Since I was 18, I’ve always been registered to vote, and I’ve voted every chance I was given.

However, since I started working as a reporter almost a decade ago, I have not been registered as a member of any political party. I believe that both parties have good ideas and good candidates. I also don’t want to be the type of journalist who gets pigeonholed as someone pushing her political agenda, so I’ve chosen not to represent one.

Since primaries are mostly just for major parties to nominate their candidates for the general election, I usually spend primary day watching other people vote, making the rounds to the different polling places. After the polls close, I’ve spent the evening hours sitting in front of my computer obsessively pressing the “refresh” button at the Board of Elections website, wanting to see who I’ll have to choose from when the November election comes.

This is my first election in Maryland, having moved here last year from the U.S. Virgin Islands. I registered to vote when I got my driver’s license, and remained a voter without a party. I’ve been following the close primary contests in many of the districts in Montgomery County, where I live, and nearby Prince George’s County.

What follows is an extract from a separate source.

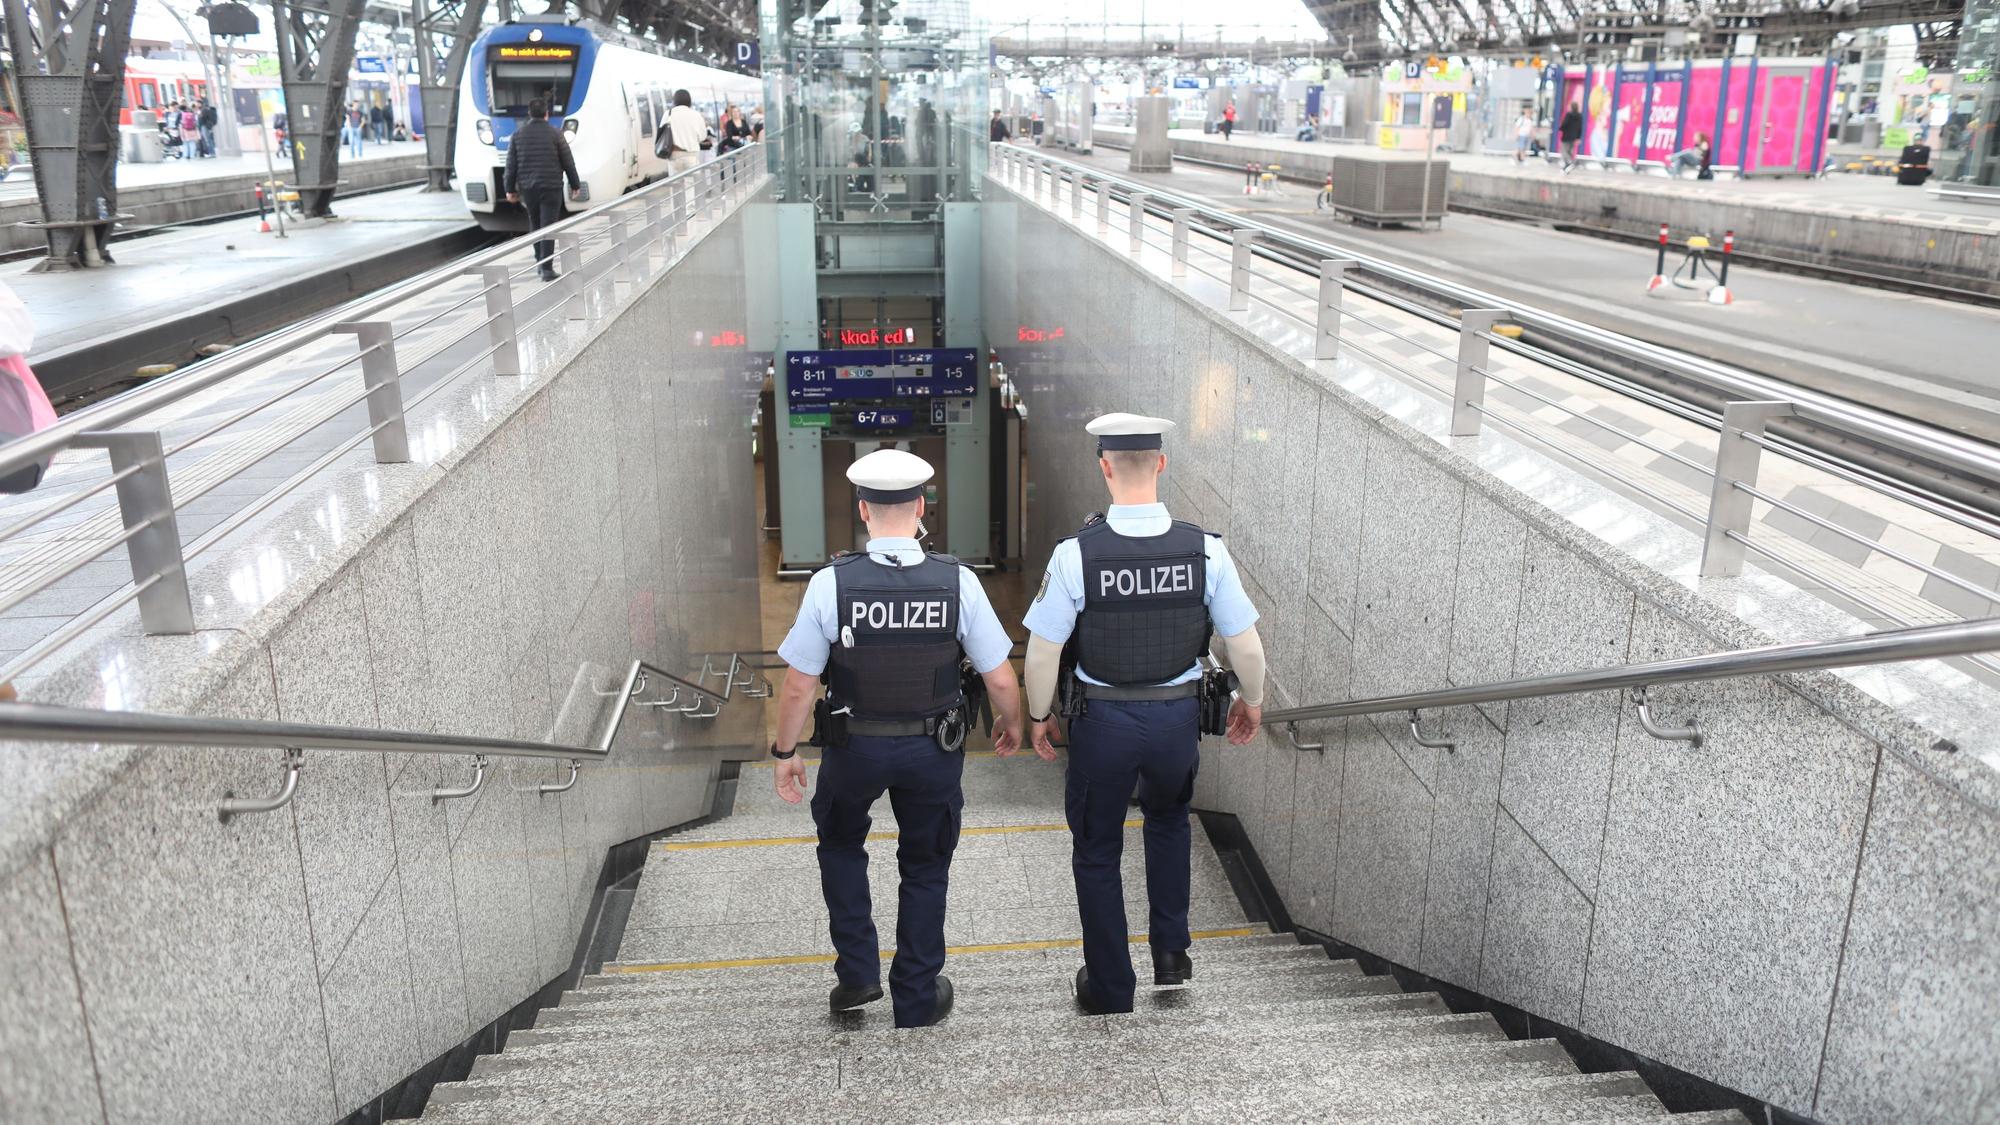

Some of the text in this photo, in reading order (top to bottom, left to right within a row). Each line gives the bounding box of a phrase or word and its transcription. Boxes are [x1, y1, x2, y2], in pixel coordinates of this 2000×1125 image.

As I worked on stories leading up to this year’s election, I probed election law and found out that Maryland has closed primaries. (Considering that I live in Democrat-dominated Montgomery County, I wonder if I had inadvertently cut myself out of the democratic process.) I was told that unaffiliated and minor party voters don’t get to cast their ballots until November. I received a sample ballot booklet in the mail and threw it away, wondering why the county had spent money mailing literature about the primaries to someone who couldn’t vote in them. As an unaffiliated voter, I planned to spend another primary election as an observer.

Tuesday morning, my editor asked me if I had voted. I told him that as an unaffiliated voter, I couldn’t.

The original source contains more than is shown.